So we have to shift from the concept of cultural minorities to the concept of faith communities. A faith community is based on personal, individual choice. We should respect this choice.
Here, there are the specific problems of France. France has no problem about acknowledging ethnic communities. But we have a problem about acknowledging faith communities, because our conception of secularism, laïcité, has two dimensions.
One is legal, the law. The law is not against religion. The law does allow religious communities to express themselves in the public space. The idea, which many people share in France, that the law means that religion is purely private, is not true. By law, you can, for example, ring bells in the public space, by definition. (You don't ring bells at home.) Of course, there are regulations. But you can have a religious procession. You can ask for religious holidays.
Then there is a big debate now about diets in schools, for instance, about the veil, about cemeteries, and things like that. But the debate is open. The law doesn't preclude anything.
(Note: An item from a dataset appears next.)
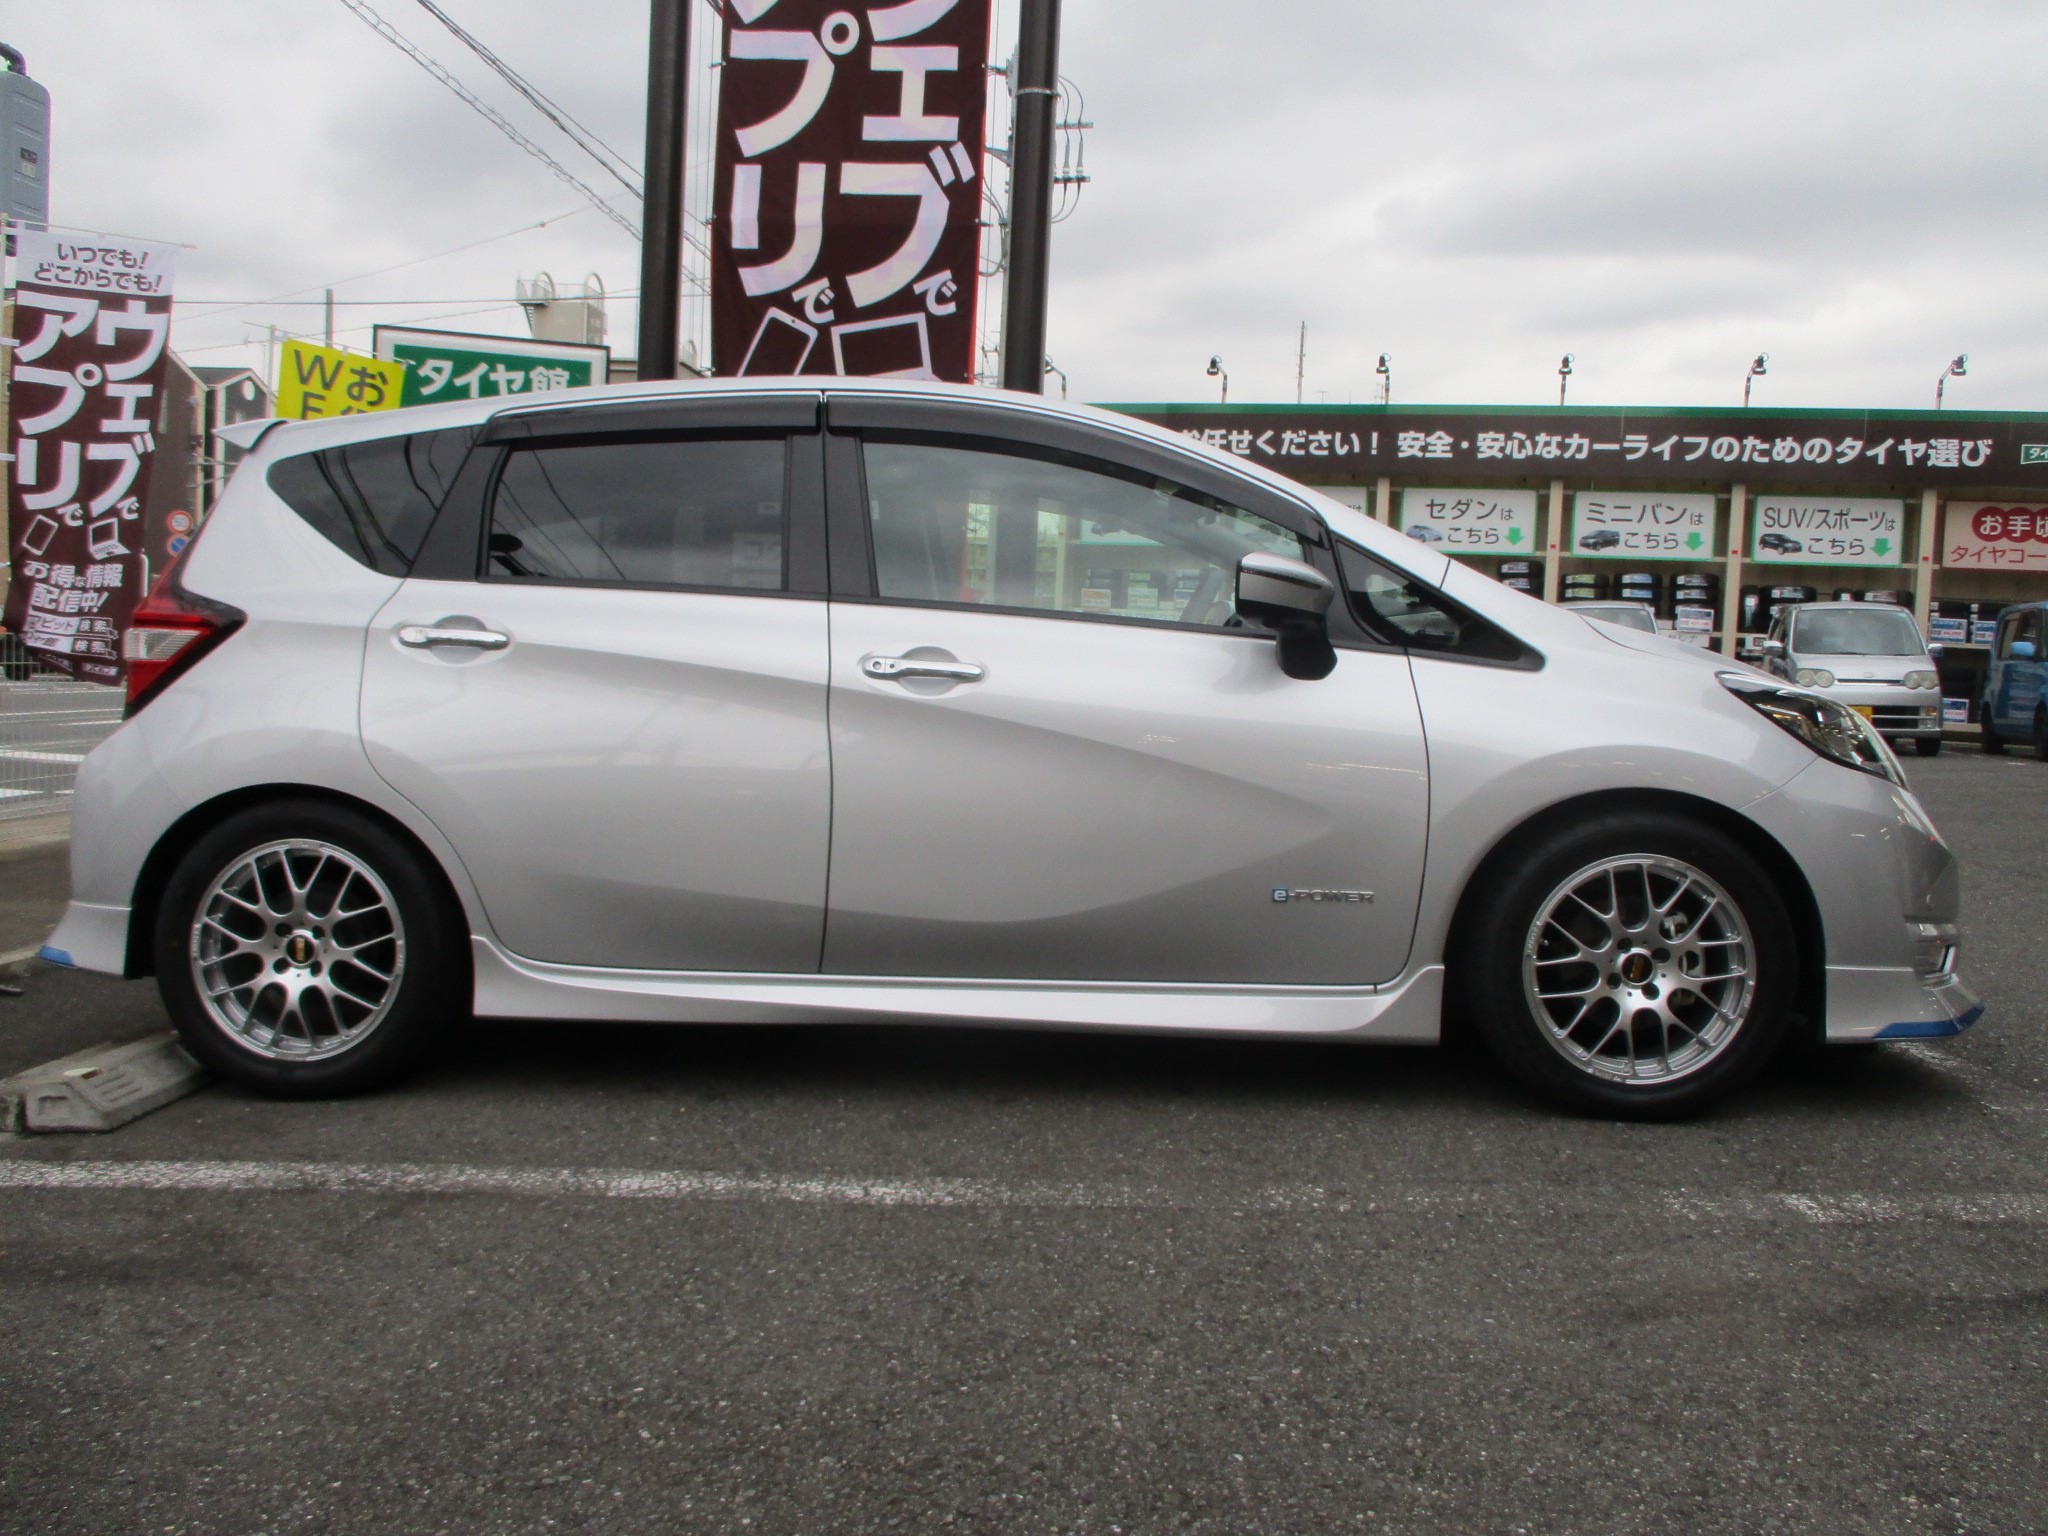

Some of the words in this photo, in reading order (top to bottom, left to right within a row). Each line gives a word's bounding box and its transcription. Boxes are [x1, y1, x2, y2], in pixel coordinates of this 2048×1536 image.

But we have a second conception of laïcité, which is ideological, the idea that laïcité is some sort of political philosophy, which should be shared by everybody, every French citizen. If you don't stick to this ideology, then you are out of the political community.
But, first, this conception has no legal or constitutional basis. It is part of the legal culture, but it's not a legal fact. Secondly, it has never been true. France has always been divided between secularists on the one hand and people who wanted to express religious feeling in the public sphere. During the 1950s and 1960s, depending on if you were laic or Catholic, you used to go sometimes to different schools, different sports clubs, for instance; you belonged to different teams and things like that. The society then was far more divided than the people tend to think now.
So we do not have the same problems as the British. The British have to give up this idea of "cultural minority" and to adopt the concept of faith communities, while in France we have acknowledged that there are faith communities and that these people could be as good citizens as the others.
So here we can see that the issue of Islam is a part of the reassessment of a common European identity. It's not a problem which is coming from outside suddenly. It is part of the reassessment of what citizenship means now in Europe, what nationalism means, and how we deal with the different sets of identities that an individual can choose for himself.
Thank you very much.
Questions and Answers
QUESTION: Merci, Monsieur le Professor.
When you talk about individual choice and communities to Americans, we know what you are talking about. It sounds as if your very deep consideration of the issues is the solution. But can we go back to some of the problems that we hear about—on the political/economic front, for example, the violent youths. There were riots, and we were told they were connected to the lack of jobs. The problem of having a future within the society is not only a matter of religion; it's a matter of livelihood.
Secondly, we are very concerned about terrorism. A number of the terrorists have been the apostates, the ones who have converted to Islam.
Would you deal with these very salient problems?
OLIVIER ROY: About the youth riots in France, first, even if a huge part of the young rioters had a Muslim background, it was not true of all of them. It was a generational and social phenomenon, involving the suburban youth. But among the suburban youth, you have people from every ethnic background.
We can assess that. We looked at the guys who have been arrested by the police and went to court for participating in the riots. No more than 50 percent of the names were Muslims. You have Portuguese names, Spanish names, French names. Many people were from Africa, non-Muslim Africa.
For instance, we have the phenomenon of gangs in our suburbs now. But the gangs are based on belonging to a neighborhood and not belonging to a specific race or ethnicity or religion. The basis of the identity of these youngsters in the suburbs is the neighborhood.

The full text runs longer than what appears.